Adventist, Emcara Describe Work on CalAIM Enhanced Care Management
Monica Arrowsmith has a new and important title for Roseville, Calif.-based Adventist Health. As executive director of CalAIM, she is overseeing all of Adventist’s programs related to the state’s multi-year Medicaid transformation effort, including a partnership with Emcara Health on Enhanced Care Management (ECM) services. Arrowsmith and Emcara CEO Eric Galvin recently spoke to Healthcare Innovation about their approach.
Emcara’s physician-led, in-home medical care solution increases access to timely and longitudinal treatment for a health plan’s most at-risk members. It uses predictive models to pinpoint members who are consistently high cost and can be positively impacted through additional home-based care and treatment. Emcara deploys integrated, multi-disciplinary in-home care teams that apply appropriate interventions and referrals based on a patient’s social, behavioral, and physical needs.
The three-year partnership combines Nashville-based Emcara Health’s advanced primary care model with Adventist Health’s clinical delivery resources to care for Medi-Cal members with the most complex care needs. As part of CalAIM’s Enhanced Care Management initiative, the partnership is intended to close care gaps for patients with the most complex care needs by addressing the social barriers, such as homelessness, that influence a patient’s health.
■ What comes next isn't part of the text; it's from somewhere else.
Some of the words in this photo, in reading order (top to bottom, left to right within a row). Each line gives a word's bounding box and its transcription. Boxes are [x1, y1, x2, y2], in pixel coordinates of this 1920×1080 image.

Emcara Health is deploying field-based care teams, consisting primarily of community health workers (CHWs), to meet patients on their terms, whether that’s at home, in a homeless encampment, or in the emergency department. Once engaged, CHWs conduct a social determinants of health assessment to understand the social impediments that may be impacting the patient’s health, such as access to food, stress, transportation and more. As part of the agreement, Emcara Health nurses and social workers are coordinating preventive care and clinical treatment through Adventist Health. Emcara is providing wrap-around support, including transitions of care, member and family assistance, and coordinating and referring patients to community and social support services.
Adventist has close to 20 hospitals and many clinics and skilled-nursing facilities across California. It has contracted with four Medicaid managed care organizations in the state and is working on contracts with several others, Arrowsmith said, adding that Adventist chose to work with Emcara because it already had experience in other markets and infrastructure built from that experience.
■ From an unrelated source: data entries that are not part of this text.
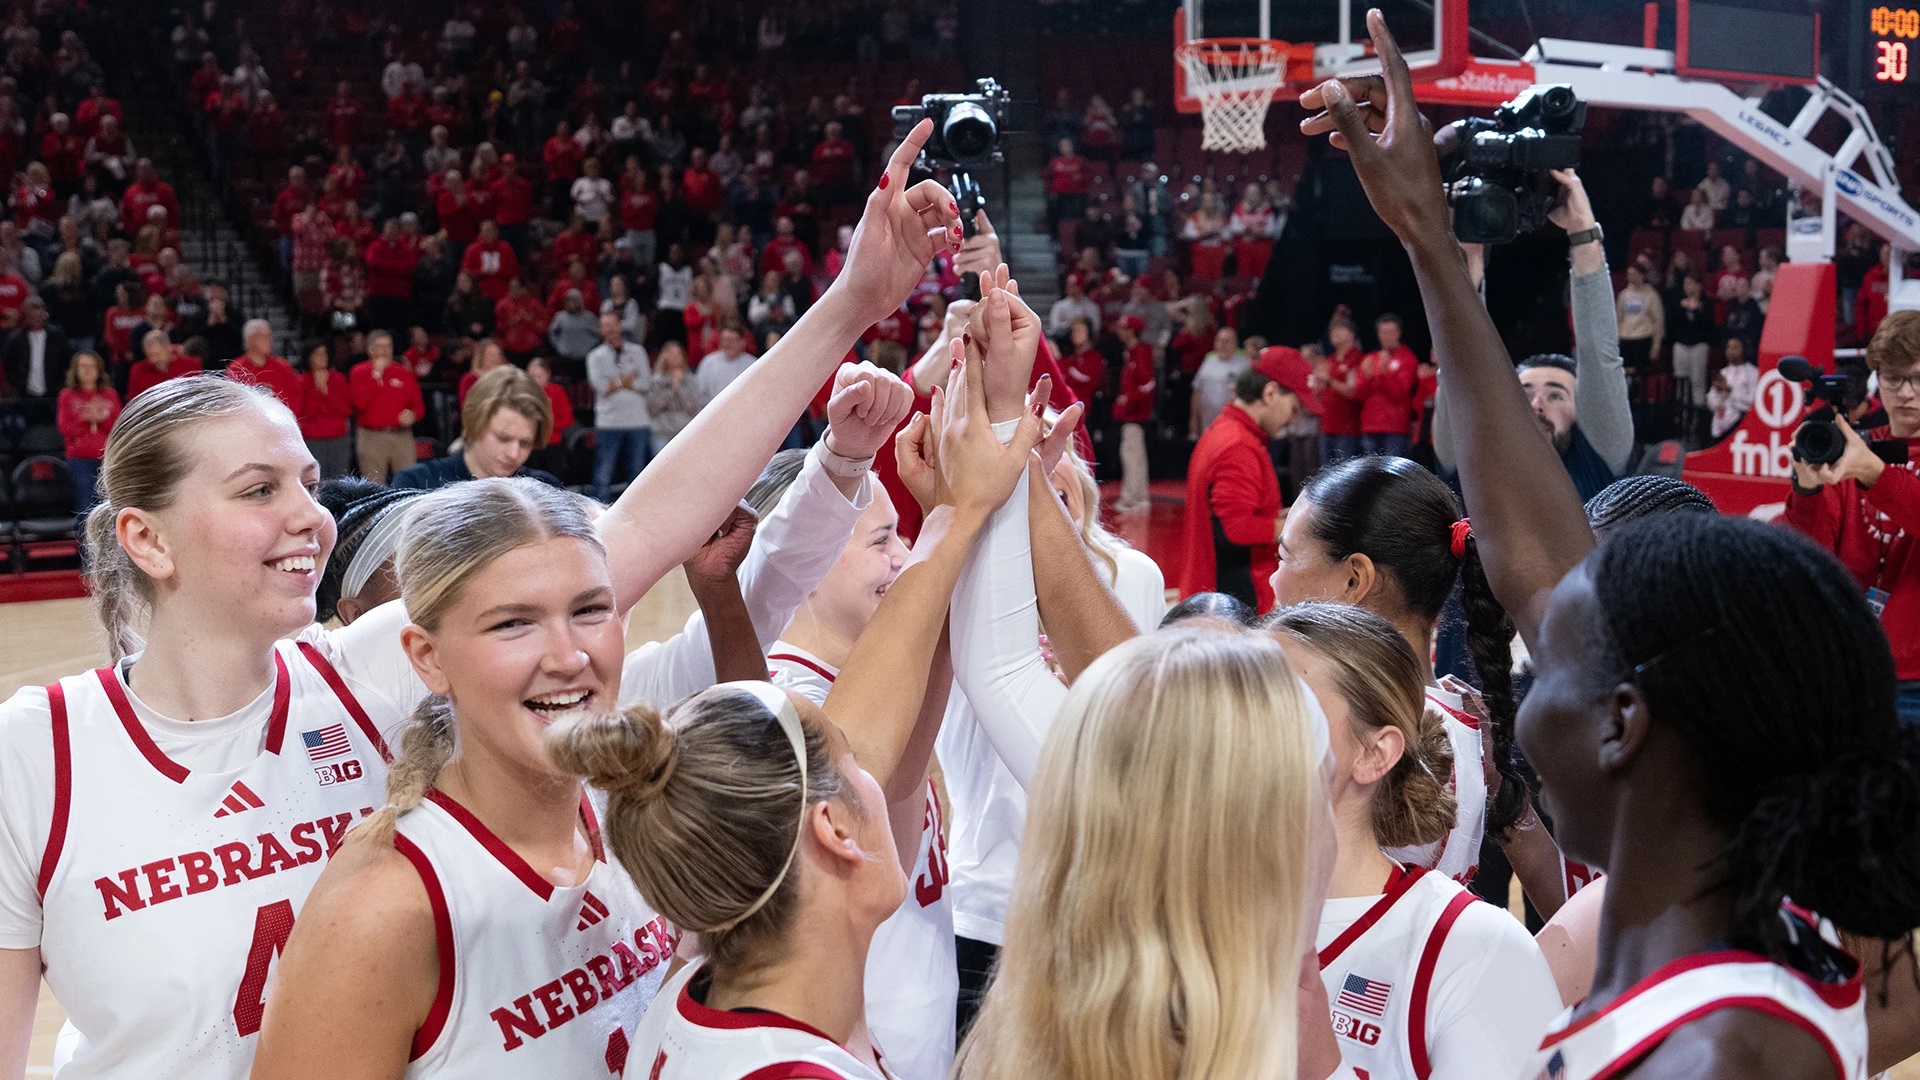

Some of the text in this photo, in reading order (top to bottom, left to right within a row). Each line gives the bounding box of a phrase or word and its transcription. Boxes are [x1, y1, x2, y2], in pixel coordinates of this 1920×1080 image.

[1871, 6, 1920, 39] 10:00
[1876, 41, 1908, 82] 30
[1738, 111, 1793, 146] LEGACY
[1863, 189, 1915, 227] SPORTS
[94, 807, 374, 922] NEBRASK
[489, 914, 683, 1053] NEBRASK
The State of California is rolling out the CalAIM services gradually. Last July, the three targeted populations that went live were homelessness. high utilizers of emergency departments, and people with substance use disorder or severe mental illness. Going live this month are populations associated with people who are either in long-term care or on the verge of having to go into long-term care. In July 2023 going live will be children and youth. In January 2024 it will be people who are transitioning from incarceration.
Adventist and Emcara have been working together for about seven months. In terms of evaluating the partnership with Emcara, Arrowsmith said, it is too early to have real outcome data. “We're looking at the volume of patients that we're receiving from the plans, the number of times that we are reaching out to different members, and how many of the members are agreeing to participate,” she said. “But we're also in the beginning stages of understanding how we look at outcomes. How do we take a person who had severe mental illness or substance use disorder and can we pull from other data sources to see that they are doing much better or whether or not they're on their medications?”
CalAIM gives both payers and delivery systems the motivation and some funding to take care of people who are particularly vulnerable and do it in a more creative way, Emcara CEO Eric Galvin said. “We're extremely excited about the Adventist partnership for a whole host of reasons, one of them being that this is what we do really well — it aligns with our mission. It's the right thing to do. But it also is an exciting sort of entrepreneurial adventure for our team.”
This type of vulnerable population tends not to have a primary care provider and as a result, the emergency room becomes their doctor's office. “What we try to do is try to keep them out of the emergency room for those types of activities other than true emergencies.” He said they also work on medication adherence and prescription fill rates. “If you don't have your own home address, it is difficult to keep up with medications, which leads to deterioration in that condition, which leads to you having an episode where you need to be hospitalized,” he added.
Galvin said Emcara has been re-imagining who to hire for the community health worker roles. “One of our colleagues, in particular, is a great example. She herself has experienced a lot of the kinds of social and other challenges that the people that we're trying to reach are. She knows where those homeless encampments are; she knows how they operate as a community and the hierarchies that exist. I got such an education on the realities of what homelessness looks like on the ground through folks like Lisa. The point is we've tried to re-imagine the kinds of people that could be really good at this and have credibility with those that we're trying to reach.”
One of the biggest challenge will be capturing the data, Arrowsmith added. “It's not data that's readily available. If I'm looking at utilization data, I know what's in our hospitals, but people don't only go to our hospitals. We were just on a call about getting in touch with health information exchanges to see what kind of data is available from them.”
There are other challenges with data, she added. “There are technical capabilities everywhere, but it's a matter of making it all work smoothly. We get data from the health plans. They send it to Emcara’s system, which they use, and their system sends it to us,” she explained. “We use Cerner, and that sends data to a big data repository, so there's just all of this mixing and matching. There are challenges, but they are not insurmountable.”